WHAT TO WORK ON:
Pictures do not belong in the copy; restate the records below word for word.

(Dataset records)
★ ★ ★ ★ ★
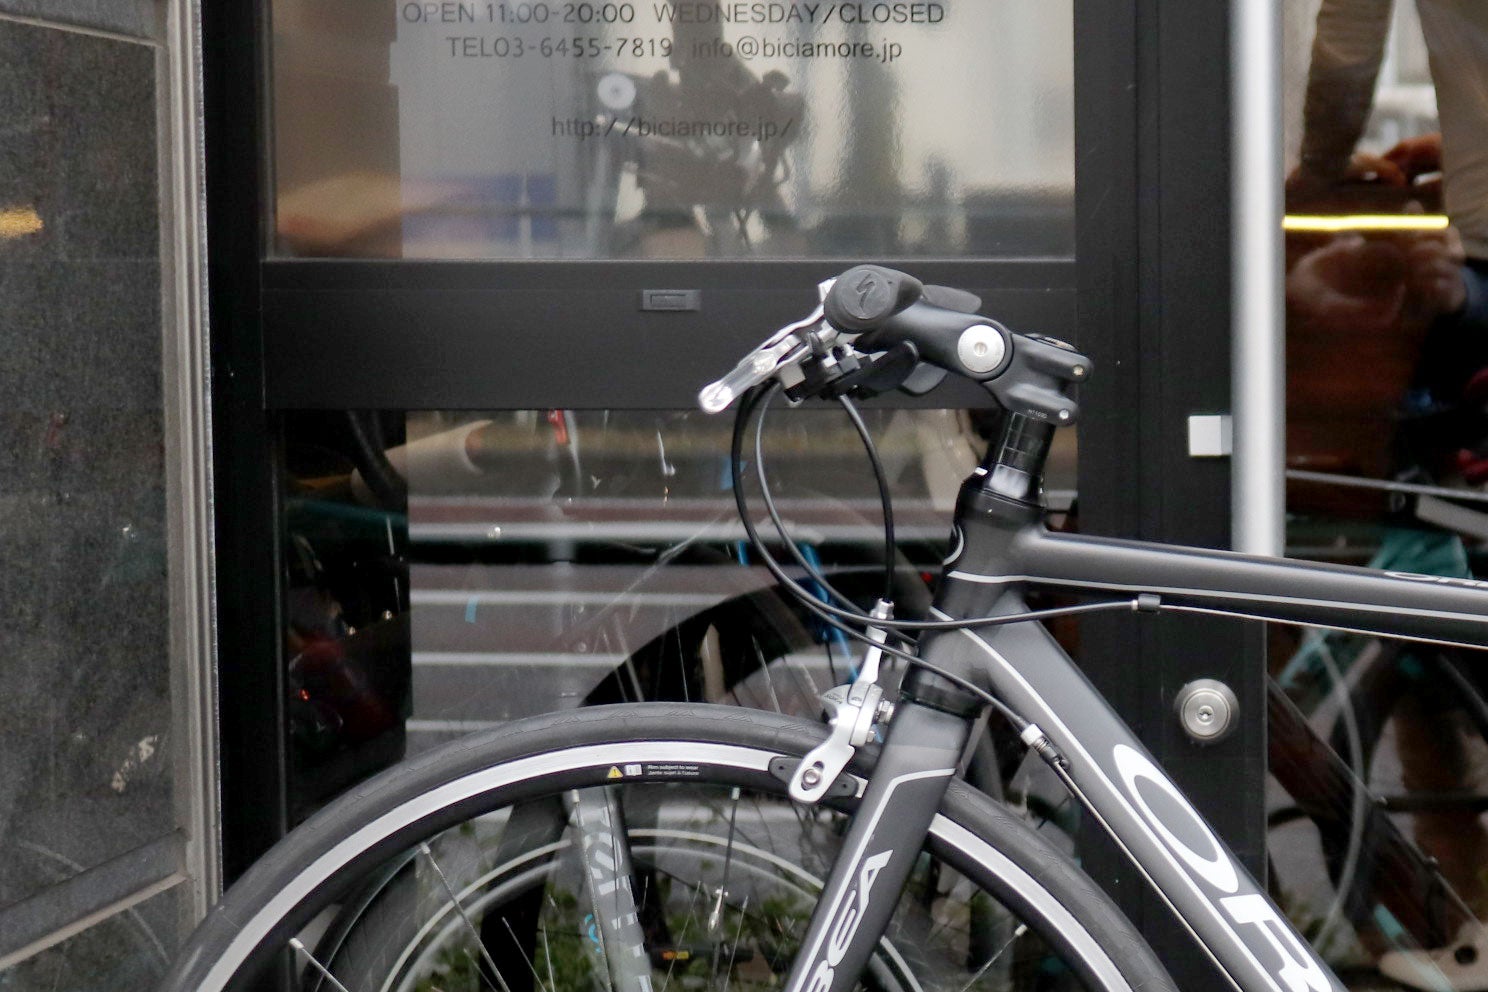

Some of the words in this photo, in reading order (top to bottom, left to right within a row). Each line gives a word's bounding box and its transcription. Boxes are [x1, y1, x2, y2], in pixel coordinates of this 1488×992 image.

[403, 3, 474, 23] OPEN
[487, 3, 635, 23] 11:00-20:00
[653, 3, 944, 24] WEDNESDAY/CLOSED
[446, 37, 673, 57] TEL03-6455-7819
[692, 36, 902, 62] info@biciamore.jp
[552, 117, 794, 141] http://biciamore.jp/
★ ★ ★ ★ ★
ANSWER SPACE:
Some of the words in this photo, in reading order (top to bottom, left to right within a row). Each line gives a word's bounding box and its transcription. Boxes are [x1, y1, x2, y2], in pixel coordinates of this 1488×992 image.

[403, 3, 474, 23] OPEN
[487, 3, 635, 23] 11:00-20:00
[653, 3, 944, 24] WEDNESDAY/CLOSED
[446, 37, 673, 57] TEL03-6455-7819
[692, 36, 902, 62] info@biciamore.jp
[552, 117, 794, 141] http://biciamore.jp/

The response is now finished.